Quand faut-il passer aux tests chimiques ? Le test à l'acide
Si vous êtes vraiment dans le doute avec un bijou qui semble ancien et qui ne présente aucun poinçon clair, le test à l'acide nitrique est la méthode la plus fiable en dehors du laboratoire. Je trouve cela un peu intimidant à faire soi-même, car il faut manipuler de l'acide, mais ça donne une réponse quasi définitive. En général, on utilise des kits de test disponibles en ligne qui contiennent différentes solutions acides étiquetées pour tester 10K, 14K, 18K, etc.
Le principe est simple : vous faites une petite rayure sur la pierre à tester (souvent une pierre de touche noire) avec la bague, et vous déposez goutte à goutte la solution acide correspondant à la pureté supposée. Si la rayure disparaît, l'or est de pureté inférieure à ce que vous testez. Si la rayure reste intacte, ça correspond à la pureté testée. Par exemple, si vous testez avec la solution 18K et que le trait reste, votre bague est au moins en 18 carats.
Les limites de cette méthode à la maison
Le gros problème, c'est que ce test est destructeur pour la pierre à tester et potentiellement pour la bague si vous vous trompez d'acide ou si vous grattez trop fort. De plus, si votre bague est en or 10K et que vous testez avec de l'acide 14K, le test échouera et vous conclurez faussement qu'elle n'est pas en or, alors qu'elle l'est, mais dans une pureté inférieure. Il faut donc être méthodique et commencer par le test supposant la plus faible teneur.
Distinguer le vrai or du plaqué : une question de millième et de poids
Je pense souvent que la différence la plus coûteuse à ignorer est celle entre l'or massif et le plaqué. Si vous achetez une bague à 200 euros qui ressemble à de l'or 18K, il y a de fortes chances que ce soit du plaqué. L'or est cher, et le contenu en métal précieux impacte directement le prix de base.
Pour donner un ordre d'idée, l'or 18K, qui contient 75% d'or pur, est bien plus lourd et sa valeur intrinsèque est bien supérieure. Le plaqué, lui, est souvent fait avec des métaux beaucoup moins chers comme le laiton ou le nickel. Si vous avez un doute sur un achat récent, comparez le poids de la bague suspecte avec une autre bague en or certifié de taille similaire. Si la différence est notable, le plaqué est fortement suspecté.

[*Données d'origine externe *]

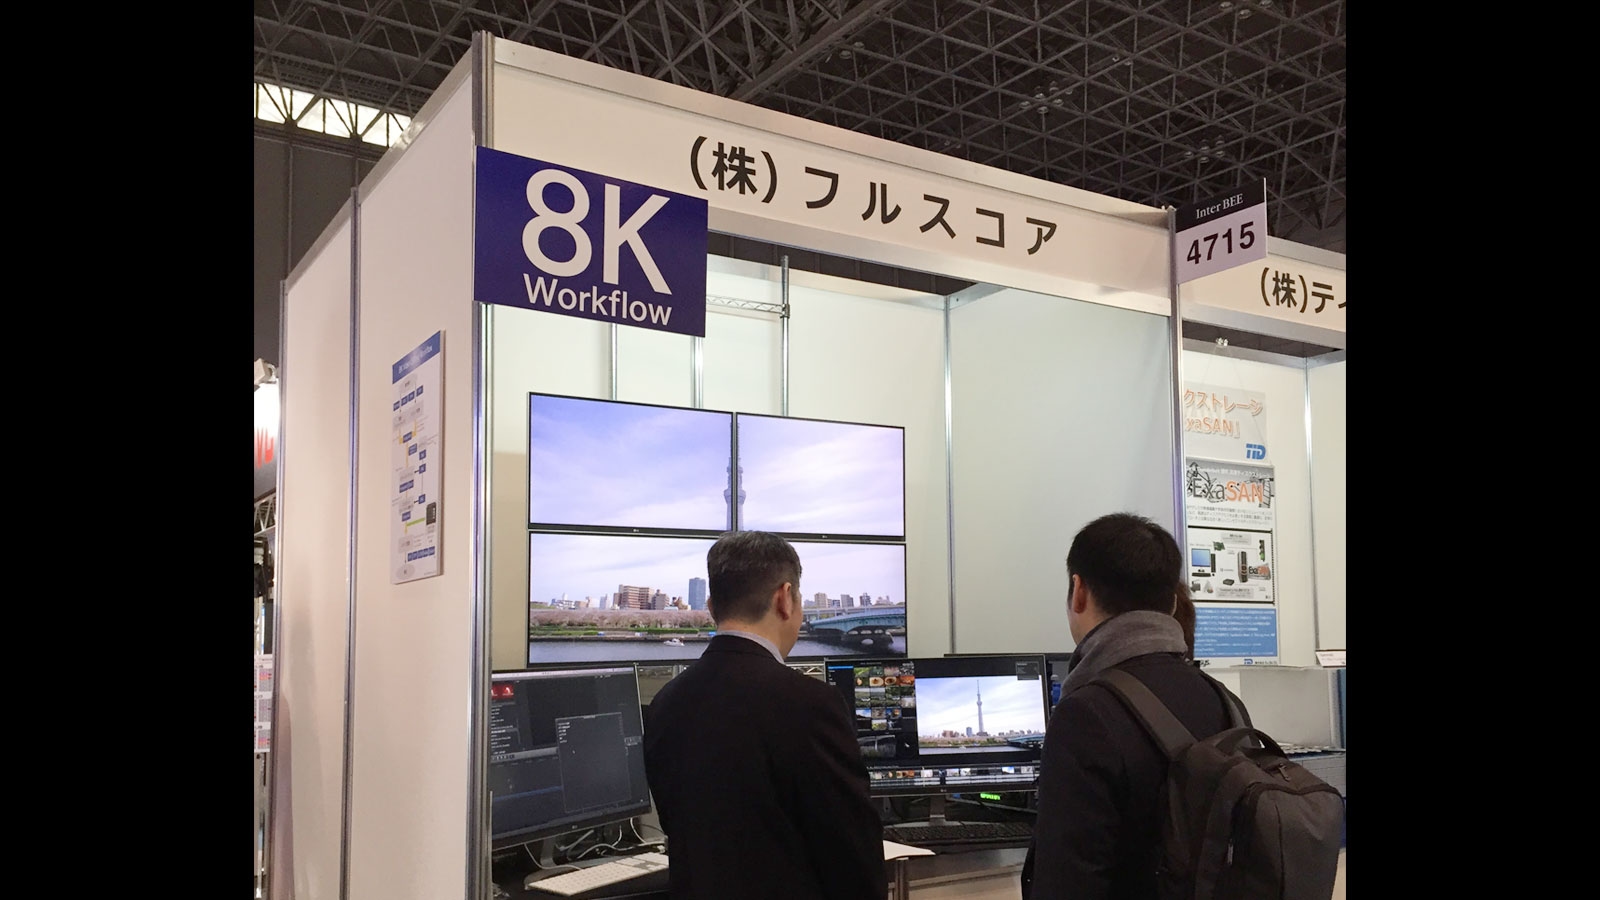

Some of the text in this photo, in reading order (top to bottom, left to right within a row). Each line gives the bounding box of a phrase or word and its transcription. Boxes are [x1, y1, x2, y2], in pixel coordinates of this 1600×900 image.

[1195, 193, 1244, 219] Inter BEE
[522, 168, 672, 295] 8K
[1187, 221, 1255, 265] 4715
[523, 273, 672, 326] Workflow
[1193, 478, 1264, 503] ExaSAN
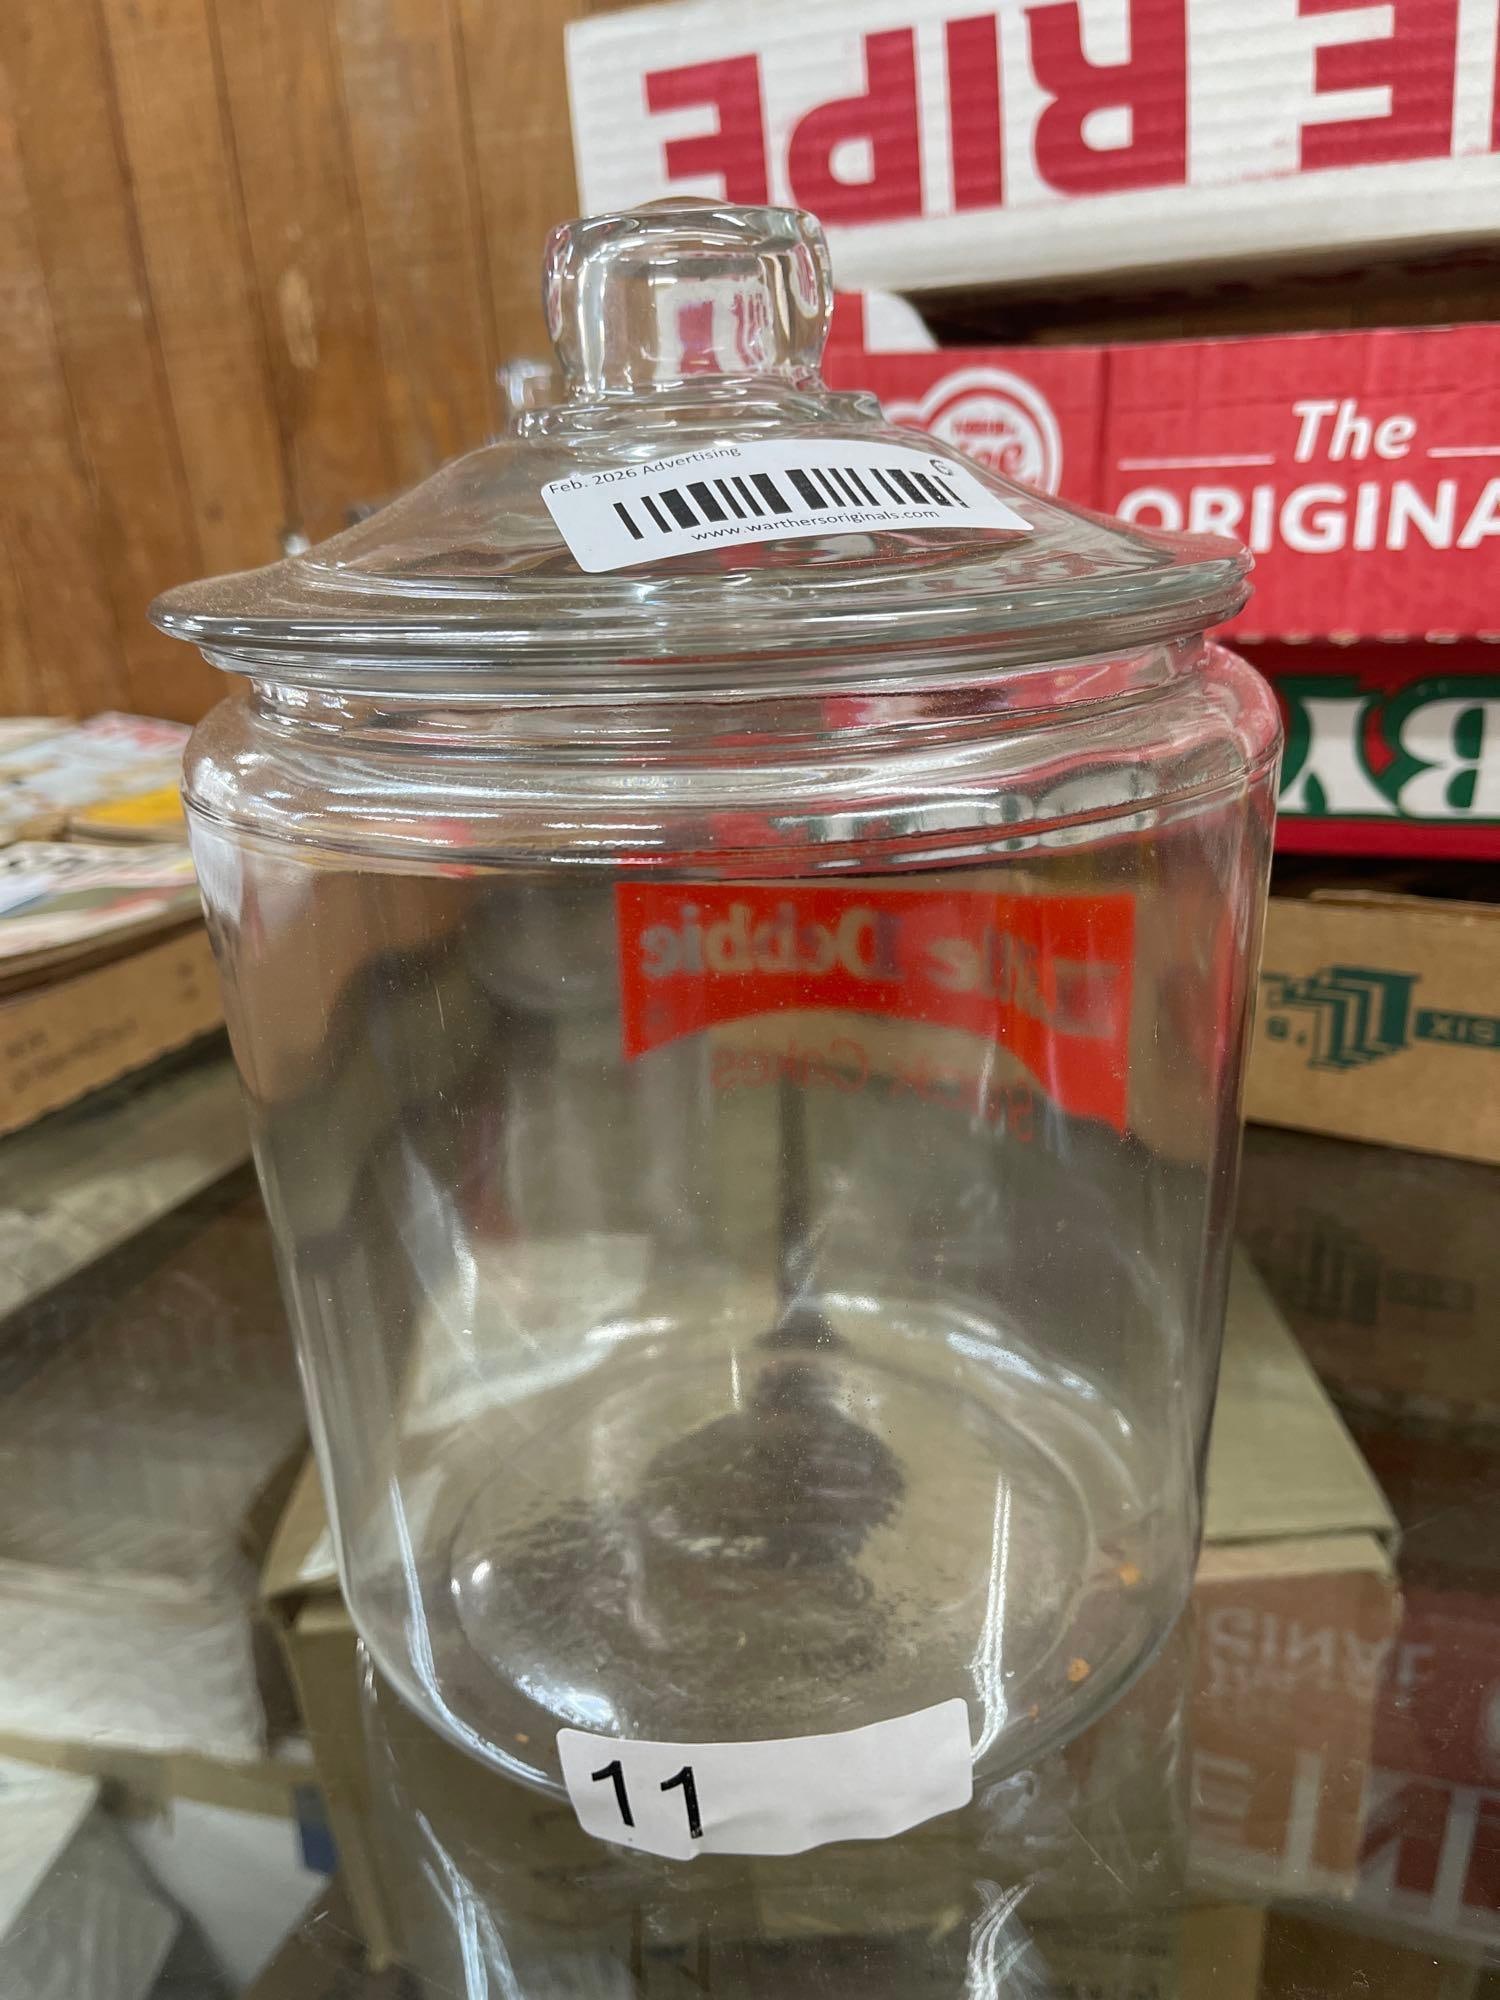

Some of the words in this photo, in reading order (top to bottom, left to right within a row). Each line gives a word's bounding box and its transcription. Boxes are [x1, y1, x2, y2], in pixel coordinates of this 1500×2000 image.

Les erreurs courantes que l'on fait tous en voulant vérifier son or
La première erreur, et je l'ai faite, c'est de se fier uniquement à la couleur. L'or peut être blanc (mélangé à du palladium ou du nickel) ou rose (mélangé au cuivre). Une bague blanche n'est pas forcément de l'argent ou du platine ; elle peut être en or blanc 18K. Ne vous laissez pas piéger par la couleur que vous attendez.
Une autre erreur fréquente, c'est de vouloir tester la dureté en essayant de la tordre. L'or 24K est très malléable, mais dès qu'on passe à 14K ou 18K, il devient assez résistant. Essayer de le plier sans équipement adéquat risque juste de déformer votre bijou sans vous donner une indication fiable sur sa teneur en métal précieux.
En fin de compte, si la bague est un héritage ou un achat important, et que tous les tests maison restent ambigus, le meilleur conseil que je puisse vous donner, c'est d'aller voir un bijoutier de confiance. Lui seul possède les outils calibrés pour faire une analyse spectrale ou un test acide sans risque de dommage majeur, et il pourra vous donner une estimation de pureté, souvent pour une somme modique, ou même gratuite s'il s'agit d'un simple contrôle.